(Brief) Transcribe exactly, and only, the lines from the one containing "Some of the words" through the last line of the data.

(Annotated photo localization data)
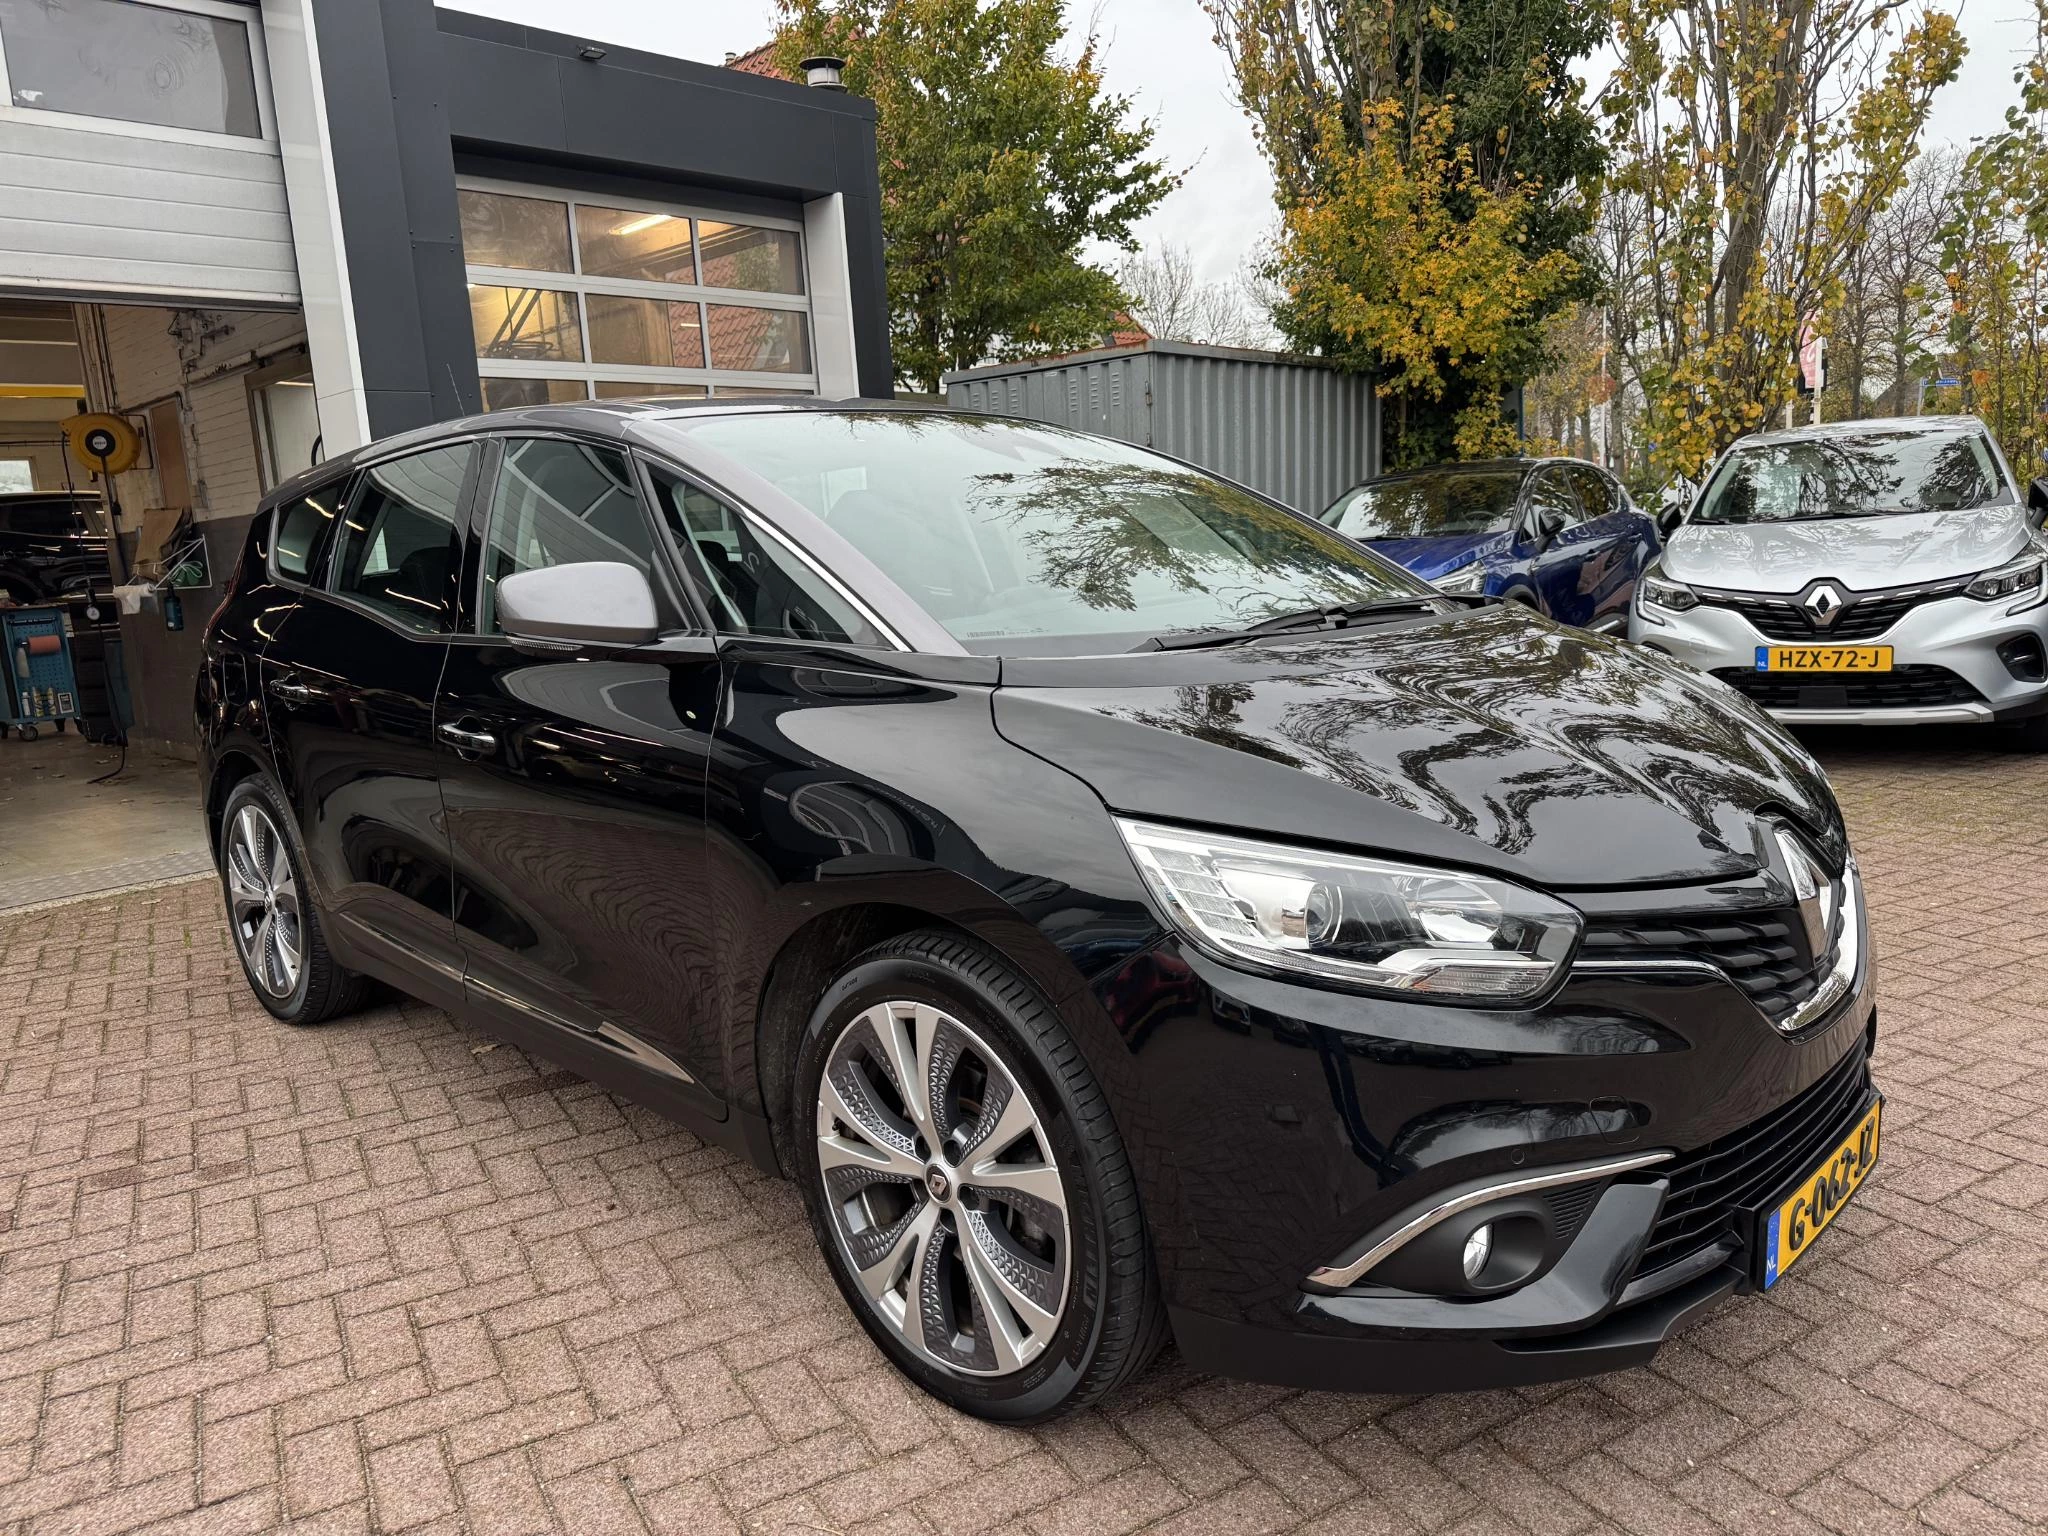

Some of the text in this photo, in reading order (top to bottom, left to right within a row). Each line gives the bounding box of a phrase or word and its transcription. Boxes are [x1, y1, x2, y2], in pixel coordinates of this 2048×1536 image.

[1779, 650, 1879, 668] HZX-72-J
[1788, 1115, 1876, 1251] G-062-JZ
[1766, 1255, 1777, 1275] NL
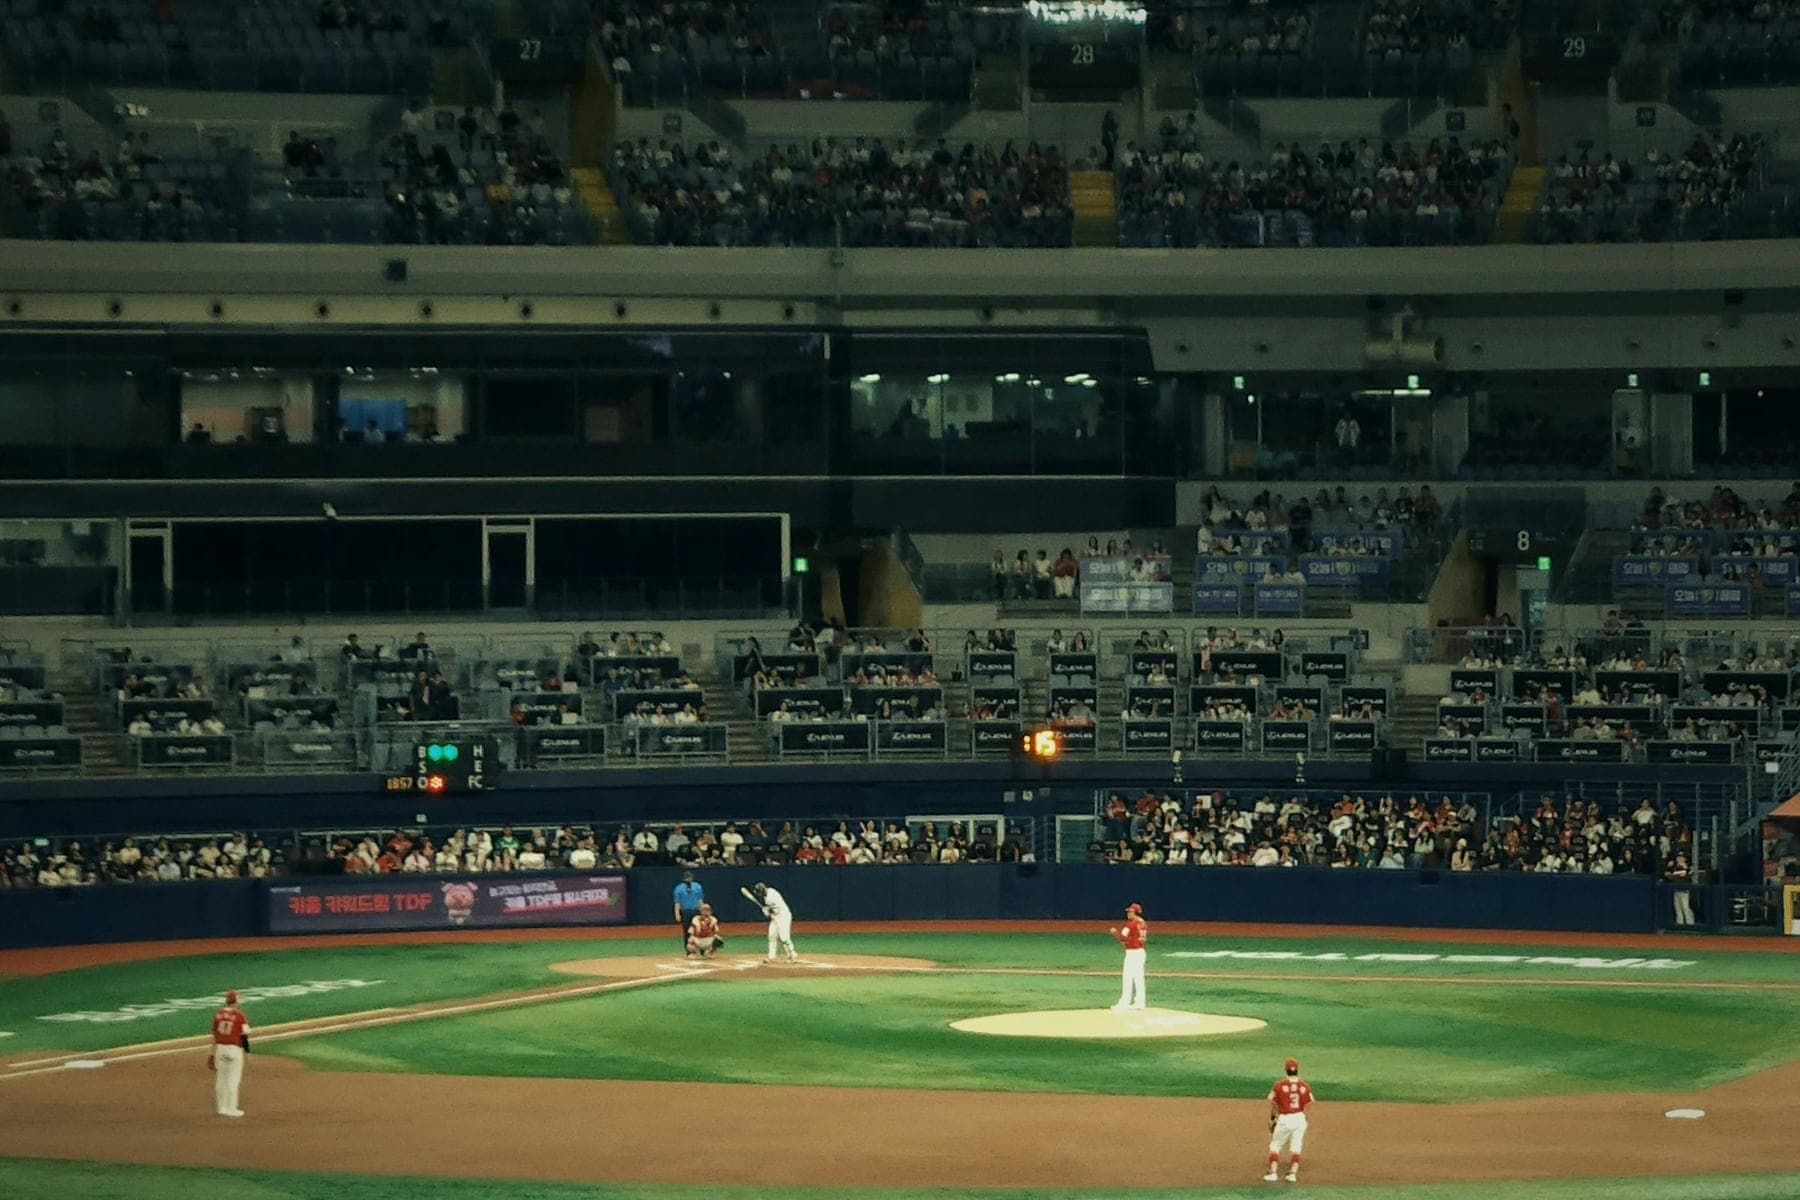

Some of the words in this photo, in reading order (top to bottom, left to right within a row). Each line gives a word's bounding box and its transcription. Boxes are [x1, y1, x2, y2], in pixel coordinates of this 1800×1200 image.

[520, 39, 542, 60] 27
[1071, 43, 1094, 64] 28
[1563, 37, 1586, 58] 29
[1517, 530, 1530, 551] 8
[1210, 731, 1240, 739] LEXUS
[418, 745, 427, 759] B
[473, 744, 485, 758] H
[418, 760, 427, 773] S
[474, 760, 484, 773] E
[468, 775, 483, 789] FC
[1289, 1093, 1300, 1109] 3

(Final answer)
Some of the words in this photo, in reading order (top to bottom, left to right within a row). Each line gives a word's bounding box and its transcription. Boxes are [x1, y1, x2, y2], in pixel coordinates of this 1800×1200 image.

[520, 39, 542, 60] 27
[1071, 43, 1094, 64] 28
[1563, 37, 1586, 58] 29
[1517, 530, 1530, 551] 8
[1210, 731, 1240, 739] LEXUS
[418, 745, 427, 759] B
[473, 744, 485, 758] H
[418, 760, 427, 773] S
[474, 760, 484, 773] E
[468, 775, 483, 789] FC
[1289, 1093, 1300, 1109] 3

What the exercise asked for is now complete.